An Exhibition: Curated by Robert Gober
Lately there has been a shift within international curatorial practice away from a scholarly, research-oriented approach to one that endeavours to offer the viewer something more open-ended. On discussion panels and during lectures in New York over the past few years, independent curators have appeared loath to articulate a theory or in any way codify their approach - at times even renouncing their job title. Although often the simple act of describing their past work alludes to the central issues that motivated them, the tendency among a growing number of curators is to de-emphasise the didactic component of their presentations.
At the same time it has become commonplace for artists to take on the role of exhibition organiser in order to explore their ideas from a different perspective. Robert Gober, widely admired for his intricately conceived and tightly orchestrated installations, donned the curator's hat (not for the first time) to curate a compelling show that reflected his trademark sinister ambience.
As with many of Gober's efforts as an artist, the exhibition opened up a nest of associations and dualistic metaphors without ever being overtly literal. Part of the fun of the show lay in seeking out correspondences between the works on display and Gober's personal aesthetic.
The objects were installed symmetrically in the main room so that two sight lines intersected at Cady Noland's free-standing sculpture, Stand-In for a Stand-In (1999). Made of silver-painted cardboard, it resembled a streamlined 17th-century pillory or stock, an instrument of punishment which was originally used to publicly humiliate petty offenders. Positioned in a similar way to the Virgin Mary figure with the culvert pipe through her middle in Gober's exhibition at M0CA in Los Angeles in 1997, this piece functioned as a sort of sieve through which visual access flowed.
Gober's interest in corrupt domesticity was reflected in Robert Beck's video of his father painstakingly sawing the antlers off the head of a deer Untitled (The Spike Buck), (1995) - its soundtrack permeated the atmosphere and added a disturbing sensory dimension to the space. This scene of paternal violence was shown opposite Anni Albers's tapestry, created in 1927 at the Bauhaus and composed of a rectilinear pattern in black, white and grey. It provided the perfect counterpart to the Beck piece: mute, subdued, but equally obsessive in its homespun Modernist grid.
Two paintings by Joan Semmel from the 70s Touch and Intimacy Autonomy, faced each other across the gallery and recalled Gober's knack for generating a haunting eroticism. Each view is constructed from the vantage point of the artist as she and her partner lay naked, side by side. One depicts their bodies glowing with colour, limbs entwined, while the other is done in grey tones and shuns physical contact, which lends the sexual scenario a deathly pallor.

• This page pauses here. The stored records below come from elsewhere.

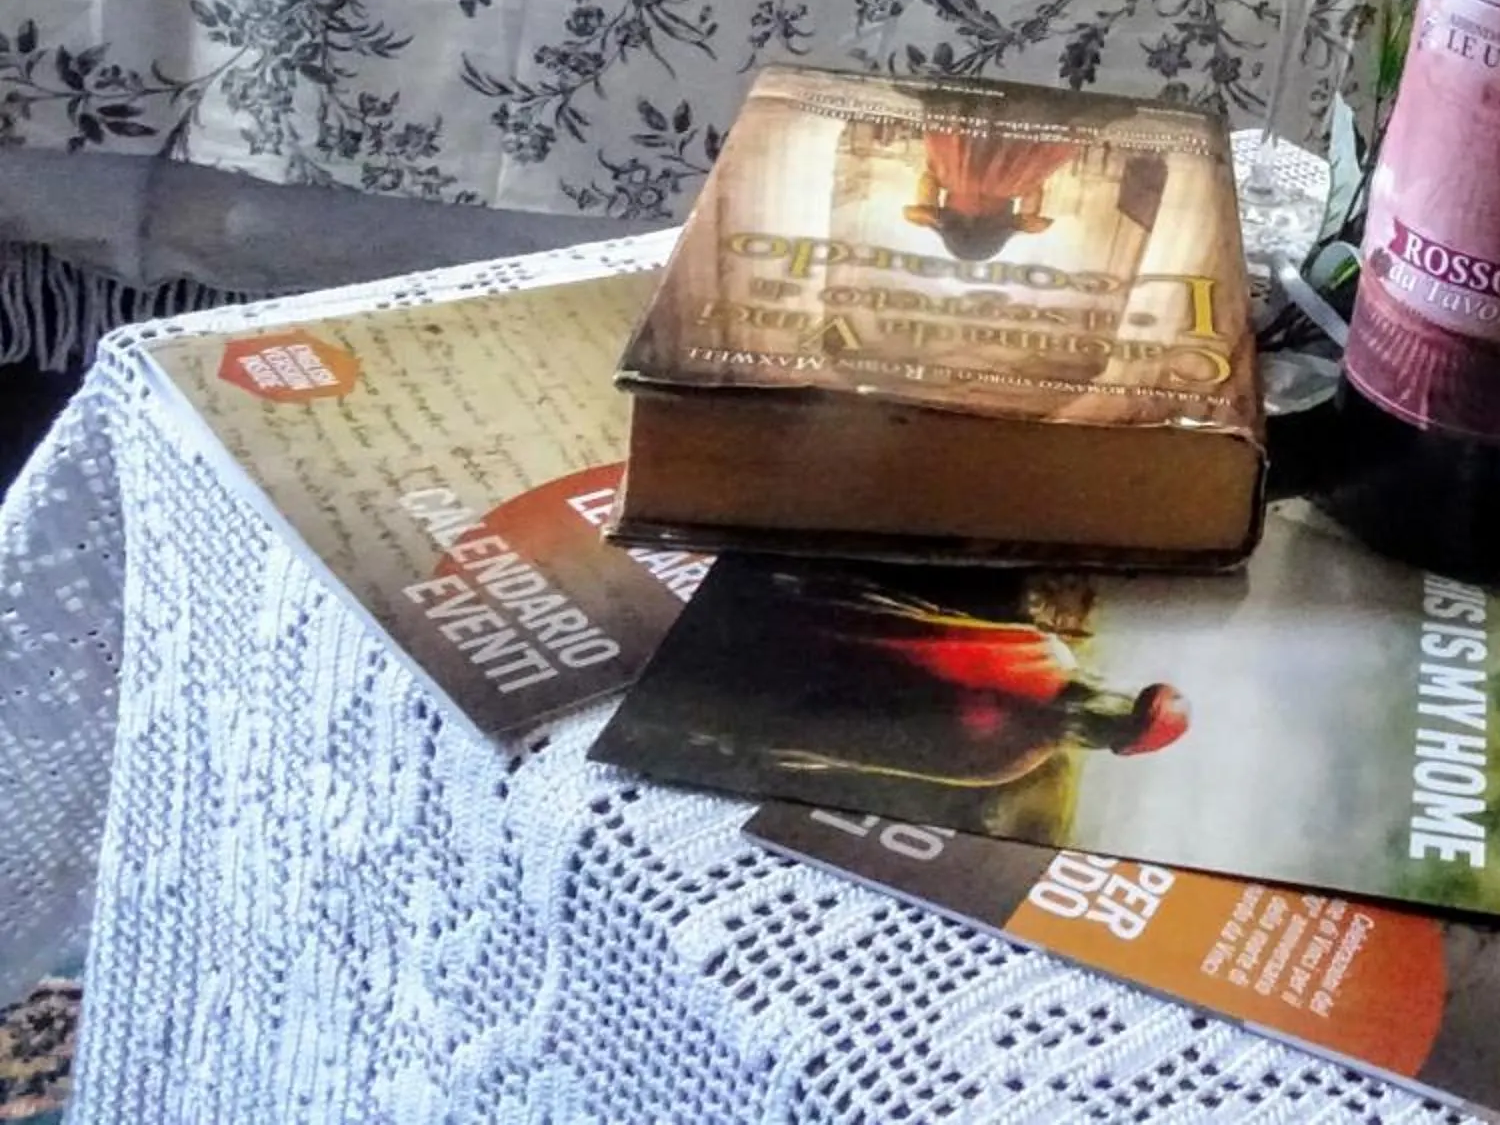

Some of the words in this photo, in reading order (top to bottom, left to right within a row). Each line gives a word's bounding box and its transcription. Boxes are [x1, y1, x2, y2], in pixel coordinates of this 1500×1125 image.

[1447, 29, 1477, 60] LE
[729, 232, 1216, 338] Leonardo
[1389, 261, 1418, 292] da
[399, 488, 621, 669] CALENDARIO
[1423, 572, 1486, 625] HIS
[402, 574, 559, 694] EVENTI
[1421, 622, 1488, 663] IS
[1417, 662, 1488, 733] MY
[1408, 728, 1488, 869] HOME

The procreative connotations of this pairing could be associated with the next room of photographs by Nancy Shaver from the mid 70s. Her series of black-and-white images of children's T-shirts focuses mainly on examples that allude to the eventual adult lives of their wearers: military insignia, 'Future Miss America', college, etc. It was reminiscent of the truncated views through a drain of the legs of an adult and child in Gober's Los Angeles exhibition.

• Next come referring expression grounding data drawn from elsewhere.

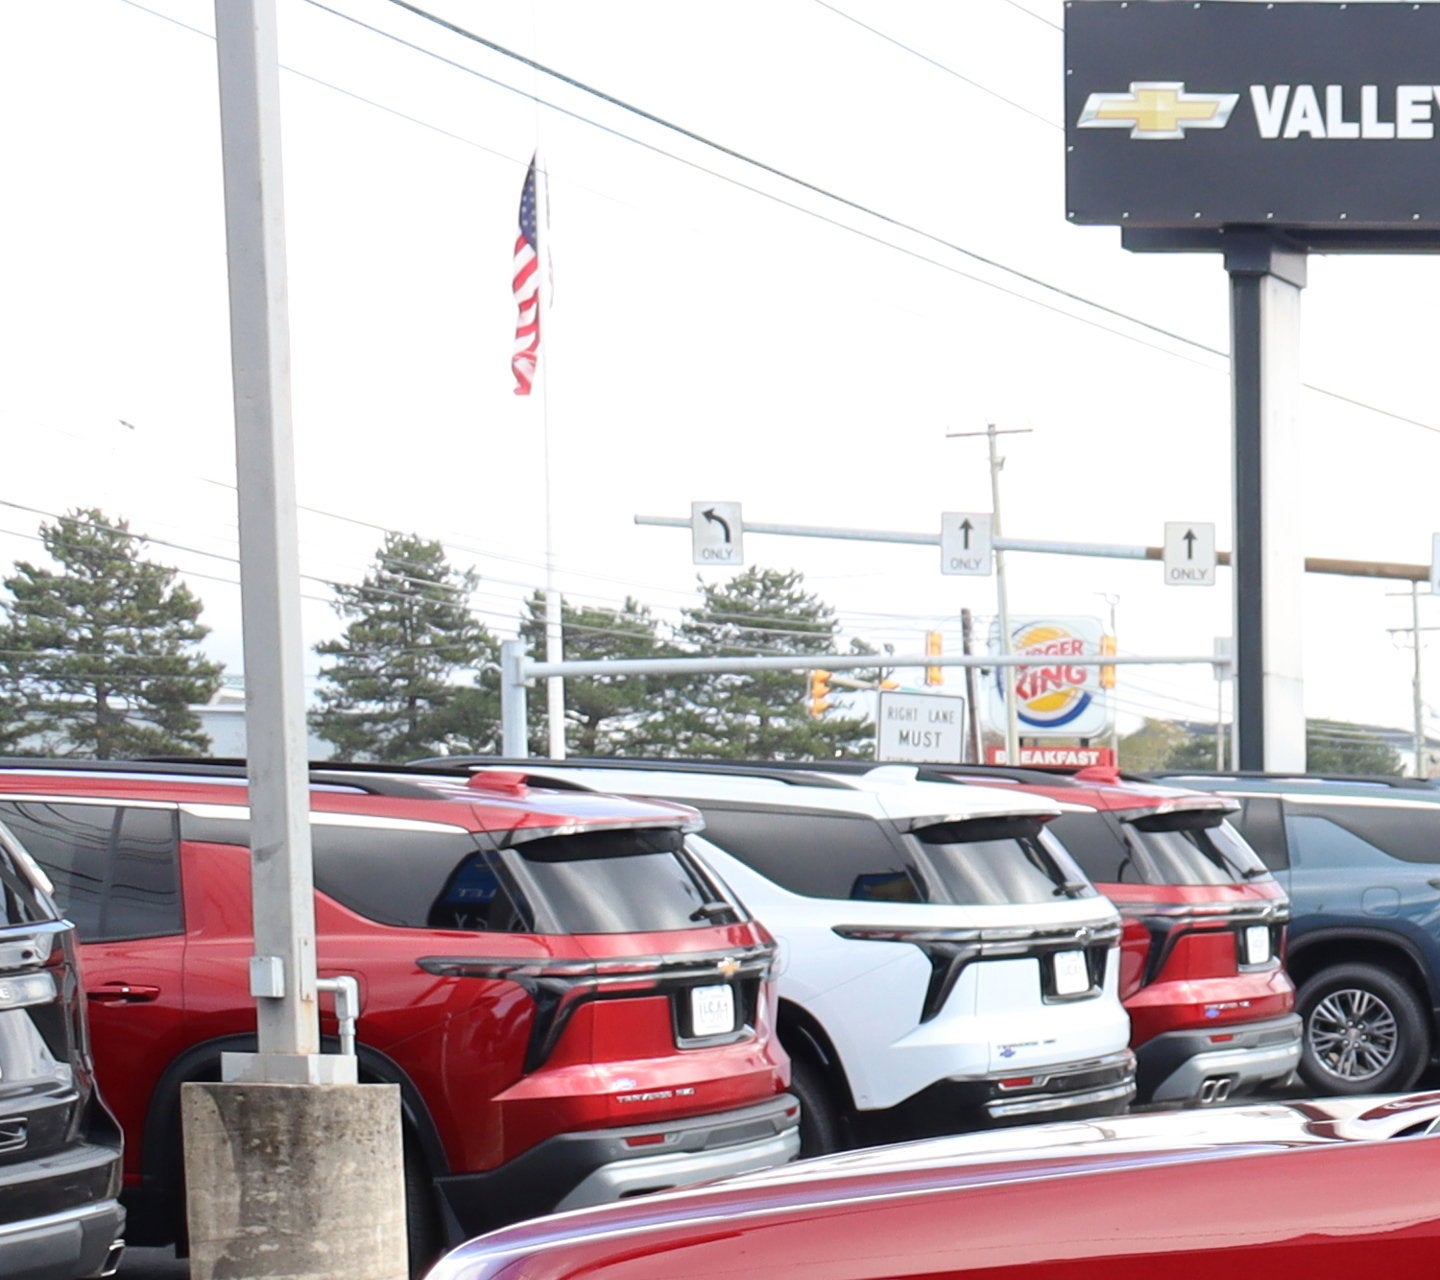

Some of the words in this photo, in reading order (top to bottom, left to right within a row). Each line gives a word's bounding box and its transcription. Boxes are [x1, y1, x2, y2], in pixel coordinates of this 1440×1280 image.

[702, 548, 733, 560] ONLY
[950, 556, 983, 570] ONLY
[1170, 567, 1208, 580] ONLY
[887, 706, 918, 721] RIGHT
[928, 709, 956, 725] LANE
[899, 728, 942, 748] MUST
[995, 750, 1099, 766] BEAKFAST

Finally, a smaller room contained other provocative juxtapositions: a large painting by Semmel of herself bathing her young son, Albers' tapestry design layout and a small-format print from Shaver's series. Like the rest of the show, this mini-installation followed the premise that meaning is to be perceived and shaped by the viewer and that a reliance on the traditional wall text is unnecessary. While numerous curators working today are encroaching on the territory of the artist, Gober provides evidence that artists themselves are perhaps the most likely candidates to successfully realise such fertile and idiosyncratic visions.